From what you describe OP, you clearly do have superpowers to be hanging in there for so long and achieving so much when is evidently such a struggle for you. I do feel this for my children, I see what they do and how hard it. Everyone else sees them doing all the things that other kids take for granted and have no understanding of the effort involved. I don't mean to patronising. I genuinely think persisting in those conditions and never giving up is a kind of super power.

My kids were also recommended to have CBT adapted for the needs of young people on the ASC for anxiety. Maybe you could ask to be referred to someone else who can deliver this. Best of luck. Please don't give up.

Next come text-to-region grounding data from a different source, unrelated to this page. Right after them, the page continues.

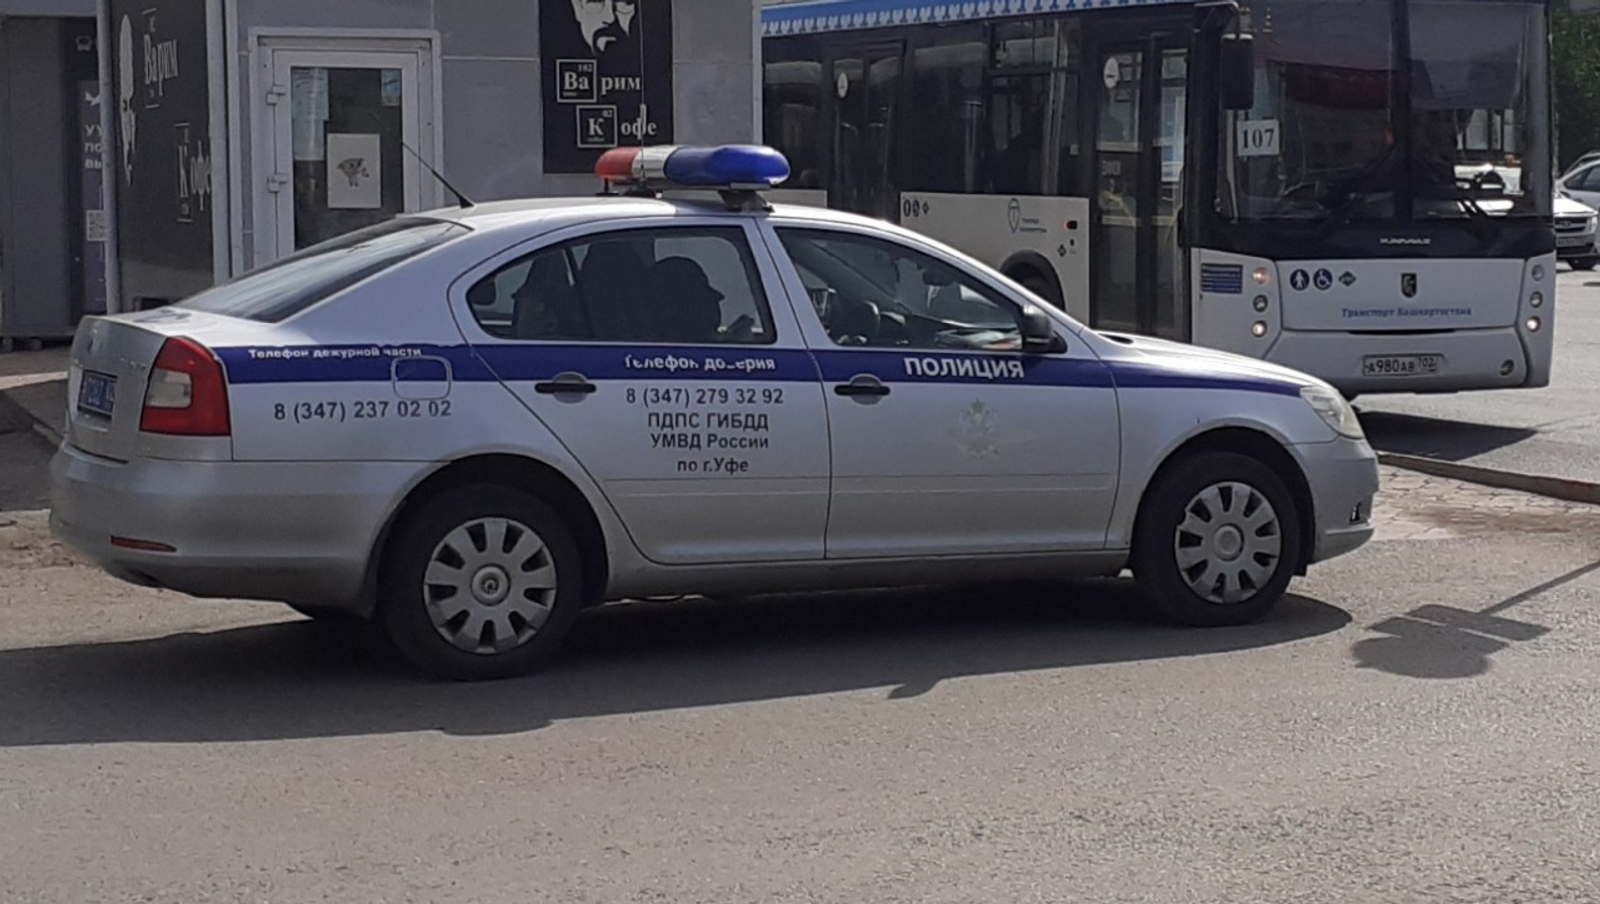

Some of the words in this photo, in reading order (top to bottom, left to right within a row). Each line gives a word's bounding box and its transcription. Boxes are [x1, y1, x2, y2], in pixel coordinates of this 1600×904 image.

[1243, 128, 1275, 149] 107
[248, 349, 309, 360] Телефон
[313, 347, 380, 360] дежурной
[383, 348, 423, 358] части
[903, 356, 1025, 380] ПОЛИЦИЯ
[626, 387, 637, 404] 8
[642, 387, 691, 408] (347)
[696, 387, 729, 404] 279
[735, 388, 757, 404] 32
[762, 388, 784, 404] 92
[274, 402, 286, 421] 8
[293, 401, 346, 424] (347)
[353, 401, 390, 419] 237
[397, 400, 422, 418] 02
[428, 400, 452, 418] 02
[647, 412, 700, 431] ПДПС
[706, 413, 769, 431] ГИБДД
[650, 433, 702, 451] УМВД
[706, 433, 769, 449] России
[677, 460, 698, 473] по
[703, 457, 749, 475] г.Уфе

BlankTimes · 14/12/2021 12:32

For people who are high functioning enough ASD is not always considered a disability. It is a processing disorder or difference. Something to be managed through anxiety control / working hours / strategies to improve friendships and communication

I'd say that description does not apply to anyone who is diagnosed with autism, but does apply to someone who has a few autistic traits. Many people have a few traits, but are not autistic.

To be diagnosed with ASD the DSM-5 criteria are

"The DSM-5 Manual defines autism spectrum disorder as “persistent difficulties with social communication and social interaction” and “restricted and repetitive patterns of behaviours, activities or interests” (this includes sensory behaviour), present since early childhood, to the extent that these “limit and impair everyday functioning”. "

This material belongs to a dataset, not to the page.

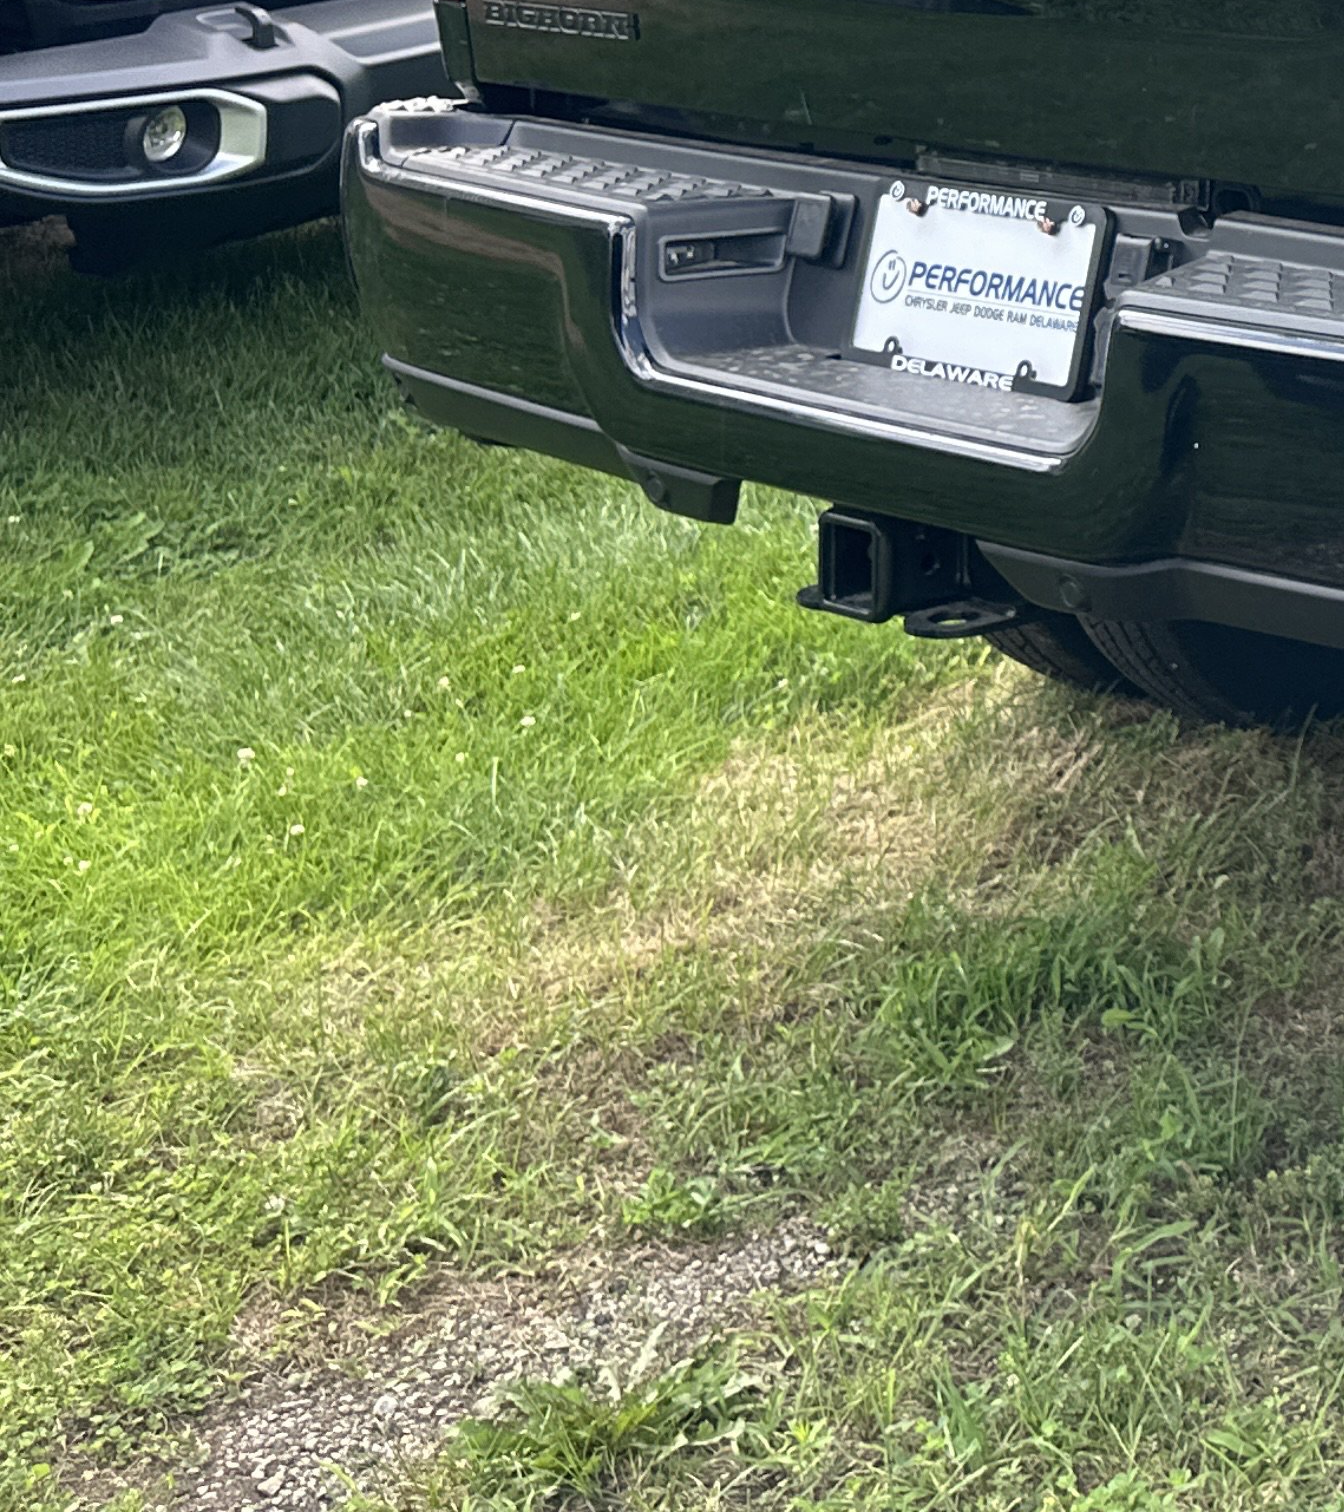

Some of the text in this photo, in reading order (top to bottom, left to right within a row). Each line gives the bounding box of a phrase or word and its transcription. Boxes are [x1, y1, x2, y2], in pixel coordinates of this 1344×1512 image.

If these do not limit and impair everyday functioning then the person will not be given a diagnosis.

OP, I agree with other posters about letting your counsellor know that the 'superpower' approach does not work for you. An email from you is fine if you struggle to get the words out face to face, there's a very good draft upthread.

Also let them know what you need them to do, ask for their support in suggesting reasonable adjustments for your working physical location and its environment.

KnitFastDieWarm · 14/12/2021 12:49

ah, my people! Working from home is a bloody lifesaver isn’t it? The utter relief of not having to mask all day is just indescribable.

OP, I think you need to be clear and direct with the psychologist in outlining why this approach doesn’t work for you. As far as I’m concerned (and i can only speak to my own experience) autism isn’t a superpower or a tragedy, it just IS. It’s part of who I am and how my brain works, and it comes with its own set of positives and negatives. The psychologist’s refusal to acknowledge this would make me feel very patronised and misunderstood. As autistic women we are constantly a) infantilised and b) compared to a male model of autism that doesn’t match our loved experience. It’s incredibly frustrating.